Task to complete
Write down exactly the lines from the one with "Some of the words" to the end of the data, first and last included, and no others.
(Data Opens)
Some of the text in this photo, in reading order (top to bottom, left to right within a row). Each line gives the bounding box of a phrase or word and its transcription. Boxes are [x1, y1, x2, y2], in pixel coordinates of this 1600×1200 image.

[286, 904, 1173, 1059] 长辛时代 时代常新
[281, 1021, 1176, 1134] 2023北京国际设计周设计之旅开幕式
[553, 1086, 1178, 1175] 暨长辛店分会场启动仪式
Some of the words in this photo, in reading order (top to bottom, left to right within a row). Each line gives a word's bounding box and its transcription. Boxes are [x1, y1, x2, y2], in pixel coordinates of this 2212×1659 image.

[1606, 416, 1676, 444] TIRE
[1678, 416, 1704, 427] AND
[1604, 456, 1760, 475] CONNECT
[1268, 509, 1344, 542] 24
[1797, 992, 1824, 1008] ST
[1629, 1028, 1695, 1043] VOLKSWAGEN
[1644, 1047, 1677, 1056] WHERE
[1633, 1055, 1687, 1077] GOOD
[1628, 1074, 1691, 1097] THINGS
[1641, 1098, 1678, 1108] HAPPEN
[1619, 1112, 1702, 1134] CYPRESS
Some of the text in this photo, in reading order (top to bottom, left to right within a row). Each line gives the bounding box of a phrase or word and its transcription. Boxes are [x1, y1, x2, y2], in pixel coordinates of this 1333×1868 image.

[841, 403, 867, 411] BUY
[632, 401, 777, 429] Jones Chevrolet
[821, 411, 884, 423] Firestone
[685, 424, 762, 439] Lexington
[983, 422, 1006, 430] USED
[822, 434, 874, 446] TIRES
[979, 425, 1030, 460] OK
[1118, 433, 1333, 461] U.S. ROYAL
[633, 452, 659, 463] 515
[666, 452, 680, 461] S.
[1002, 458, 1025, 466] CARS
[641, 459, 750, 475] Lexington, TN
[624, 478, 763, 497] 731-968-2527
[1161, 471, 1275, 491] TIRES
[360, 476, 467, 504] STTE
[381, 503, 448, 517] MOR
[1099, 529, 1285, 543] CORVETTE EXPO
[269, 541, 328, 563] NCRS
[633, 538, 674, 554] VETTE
(Data Closes)
Finished exercise
Some of the words in this photo, in reading order (top to bottom, left to right within a row). Each line gives a word's bounding box and its transcription. Boxes are [x1, y1, x2, y2], in pixel coordinates of this 2212×1659 image.

[1606, 416, 1676, 444] TIRE
[1678, 416, 1704, 427] AND
[1604, 456, 1760, 475] CONNECT
[1268, 509, 1344, 542] 24
[1797, 992, 1824, 1008] ST
[1629, 1028, 1695, 1043] VOLKSWAGEN
[1644, 1047, 1677, 1056] WHERE
[1633, 1055, 1687, 1077] GOOD
[1628, 1074, 1691, 1097] THINGS
[1641, 1098, 1678, 1108] HAPPEN
[1619, 1112, 1702, 1134] CYPRESS
Some of the text in this photo, in reading order (top to bottom, left to right within a row). Each line gives the bounding box of a phrase or word and its transcription. Boxes are [x1, y1, x2, y2], in pixel coordinates of this 1333×1868 image.

[841, 403, 867, 411] BUY
[632, 401, 777, 429] Jones Chevrolet
[821, 411, 884, 423] Firestone
[685, 424, 762, 439] Lexington
[983, 422, 1006, 430] USED
[822, 434, 874, 446] TIRES
[979, 425, 1030, 460] OK
[1118, 433, 1333, 461] U.S. ROYAL
[633, 452, 659, 463] 515
[666, 452, 680, 461] S.
[1002, 458, 1025, 466] CARS
[641, 459, 750, 475] Lexington, TN
[624, 478, 763, 497] 731-968-2527
[1161, 471, 1275, 491] TIRES
[360, 476, 467, 504] STTE
[381, 503, 448, 517] MOR
[1099, 529, 1285, 543] CORVETTE EXPO
[269, 541, 328, 563] NCRS
[633, 538, 674, 554] VETTE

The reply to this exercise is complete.